Deviants are a race of organic beings introduced in Eternals, created by the Celestial Arishem. Like Eternals, they are sent to planets to ensure the development of intelligent life, creating the necessary conditions to birth a Celestial. Deviants achieve this by eliminating the apex predators of planets, allowing populations to grow. However, unlike Eternals, Deviants evolve, and eventually become a threat to intelligent life themselves. Eternals are revealed to have been sent as replacements with the additional mission to eliminate Deviants.

On Earth, Deviants are believed to have been eliminated by Eternals led by Ajak in 1521, until their resurgence in 2024. One of these Deviants, Kro, kills Eternals Ajak and Gilgamesh and absorbs their abilities.

Dwarves

Dwarves, introduced in Avengers: Infinity War, are an ancient race of skilled forgers and blacksmiths hailing from the realm of Nidavellir. They are ruled by King Eitri. They are close allies of the Asgardians, and after being asked by Odin, forged Mjolnir. Unlike the comics, Eitri was shown to be larger than normal.

Eitri appears in Avengers: Infinity War, when Thor, Rocket, and Groot arrive on Nidavellir.

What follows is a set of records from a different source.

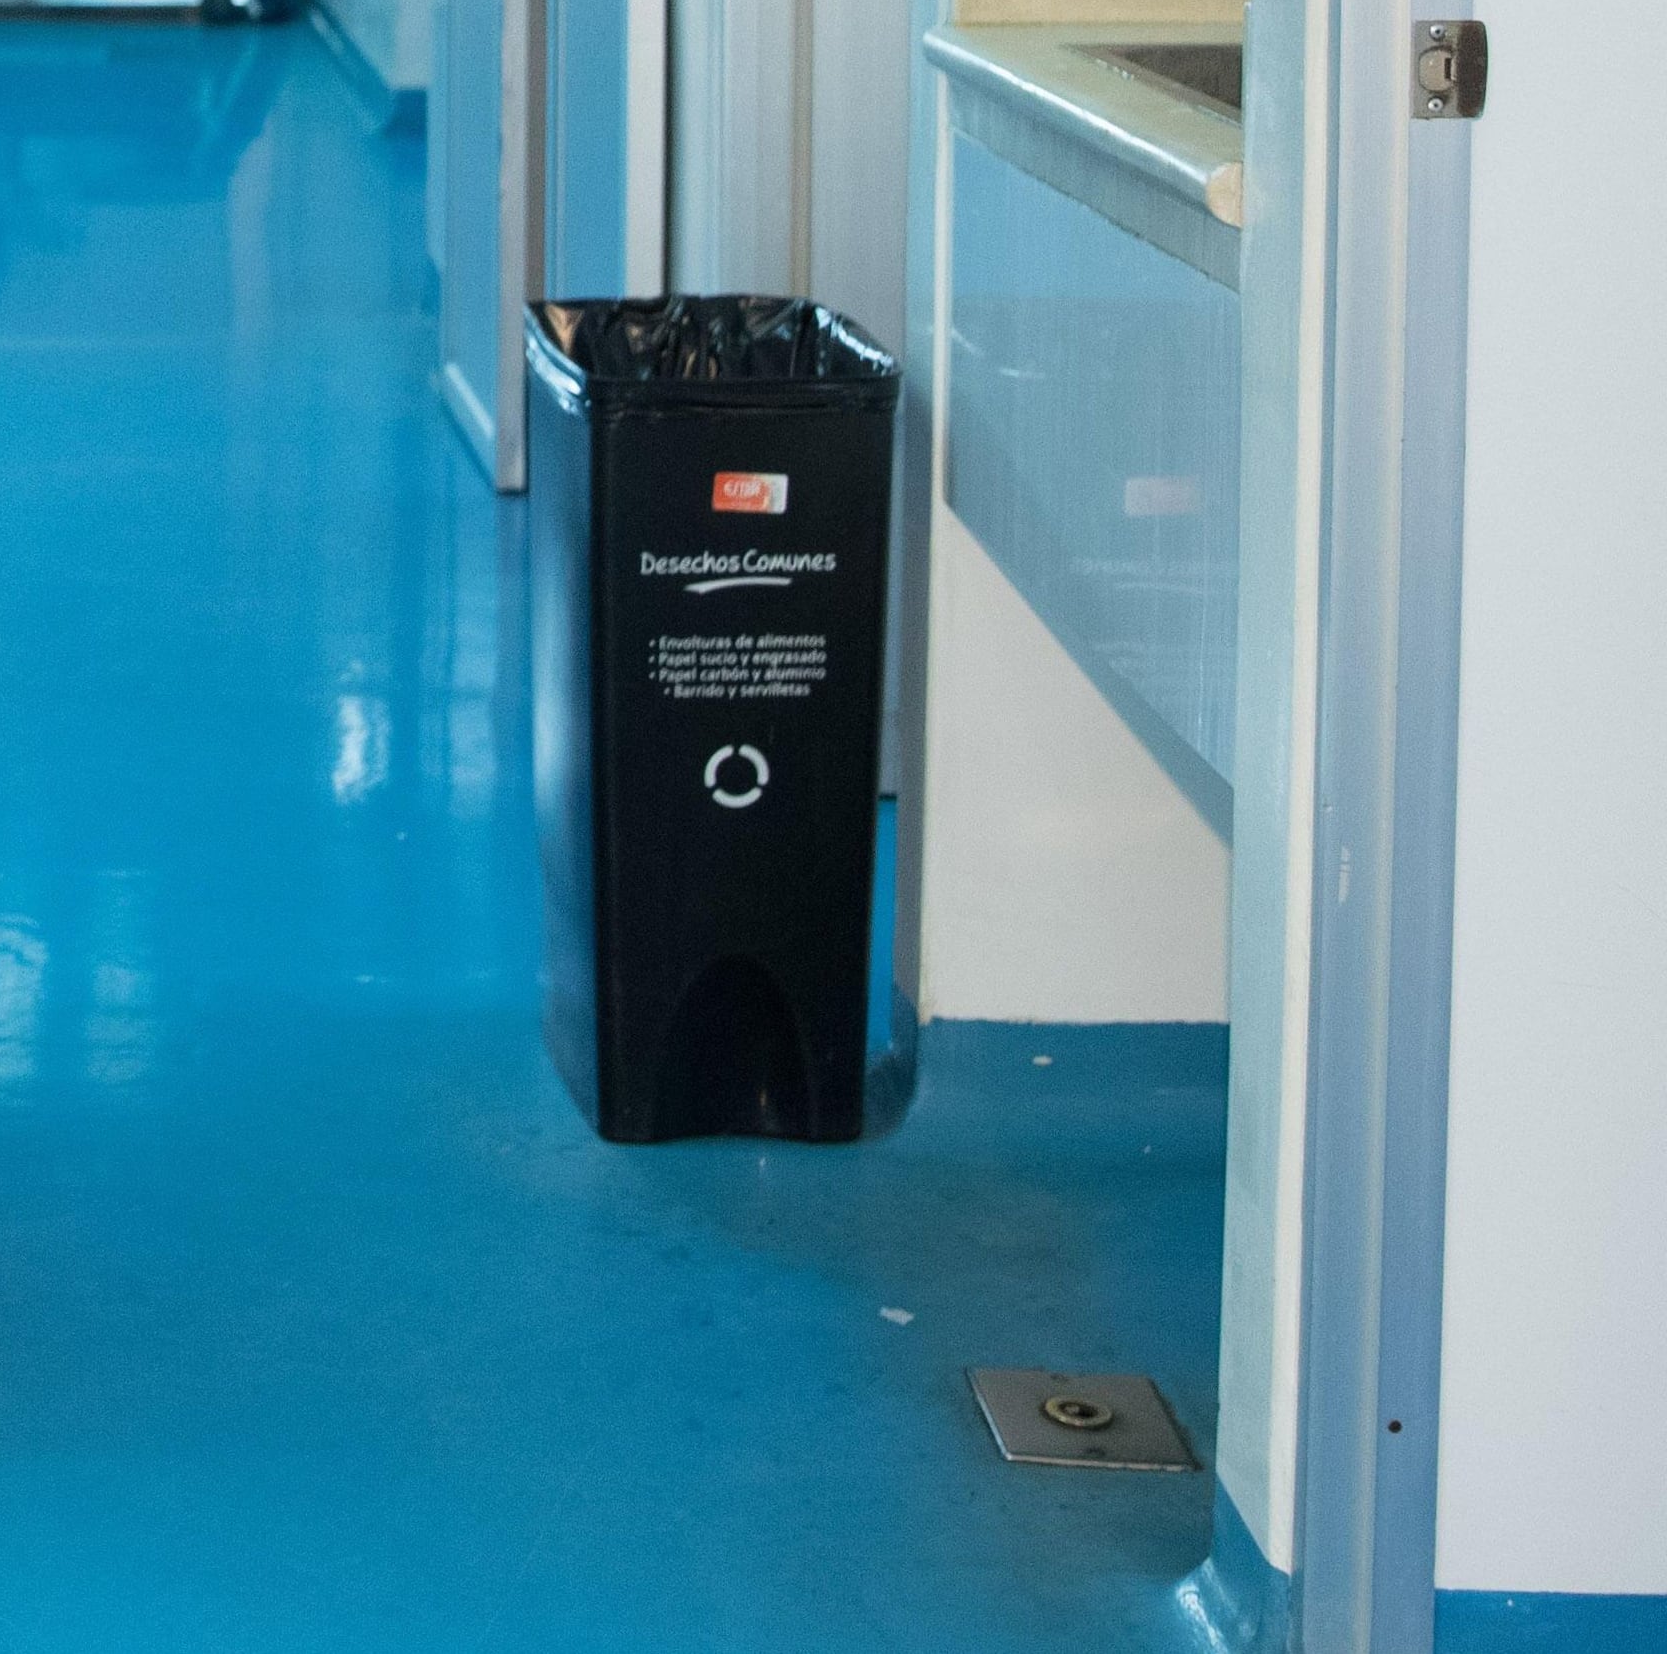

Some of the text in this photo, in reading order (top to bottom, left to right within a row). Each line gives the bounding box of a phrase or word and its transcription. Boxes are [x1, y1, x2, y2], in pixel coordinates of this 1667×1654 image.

[639, 549, 837, 576] Desechos Comunes
[659, 633, 827, 650] Envolturas de alimentos
[659, 649, 827, 667] Papel sucio y engrasado
[659, 665, 827, 683] Papel carbón y aluminio
[673, 683, 811, 699] Barrido y servilletas

They find Eitri who informs them that Thanos killed the rest of the Dwarves after they forged the Infinity Gauntlet.

Dwarves also appear in the Disney+ series What If...?.

Elves

Elves are two separate races, the Dark Elves of Svartalfheim, and the Light Elves of Alfheim.

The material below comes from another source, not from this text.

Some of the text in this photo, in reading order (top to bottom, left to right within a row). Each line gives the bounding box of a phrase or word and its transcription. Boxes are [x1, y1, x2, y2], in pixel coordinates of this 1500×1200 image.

In Thor: The Dark World, The Dark Elves, as with their enemies the Asgardians, are depicted as ancient astronauts. It is stated that they existed in the primordial darkness that predated the current vibrant state of the universe. Their goal is stated as destroying the current universe and returning existence back to that state. They were believed extinct, but unbeknownst to the Asgardians, Malekith and a number of warriors escaped and went into stasis in deep space until another attempt would be possible. For the film, David J. Peterson created a language for the Dark Elves called Shiväisith. In Guardians of the Galaxy, an imprisoned Dark Elf appears as an exhibit in Taneleer Tivan's museum. In Spider-Man: Homecoming, Dark Elf technology that was salvaged from the Battle of Greenwich was used by Tinkerer alongside the technologies from the Chitauri and Stark Industries.

Runa, a Light Elf with shape shifting abilities, appears in She-Hulk: Attorney at Law. After impersonating various people including Megan Thee Stallion, she is caught and sentenced to pay damages and serve a 60 day sentence.

Elves also appear in the Disney+ series Loki (archival footage) and What If...?.

Eternals

Eternals are an immortal race of superpowered synthetic beings appearing in the film of the same name. They are revealed to have been created by the Celestials at the World Forge to rid planets of Deviants in order to ensure the continual growth of their native populations, allowing new Celestials to "emerge" when the time comes. A group of ten Eternals—Ajak, Sersi, Ikaris, Kingo, Sprite, Phastos, Makkari, Druig, Gilgamesh, and Thena—are sent to Earth on their starship, the Domo, by Arishem in 5000 BC, where they help humanity progress while refraining from interfering in human conflicts. In the present day, this group of Eternals rebel once they learn of their true purpose, with Ajak being betrayed by Ikaris and her and Gilgamesh both being killed by Deviants in the process. Sersi replaces Ajak as the team's leader and activates the Uni-Mind, successfully preventing the Celestial Tiamut from being born and destroying the planet. A guilt-ridden Ikaris, who had vowed to uphold Arishem's instructions but was unable to bring himself to kill Sersi, flies into the Sun, while Sprite is turned into a human.

Flerken

The Flerken, introduced in Captain Marvel, are stated to be alien creatures that completely resemble Earth's cats in appearance and behavior, but are shown to possess human-level intelligence. They have tentacles that come out of their mouths and can swallow up large objects and store them in pocket dimensions in their bellies. Flerken also have longevity.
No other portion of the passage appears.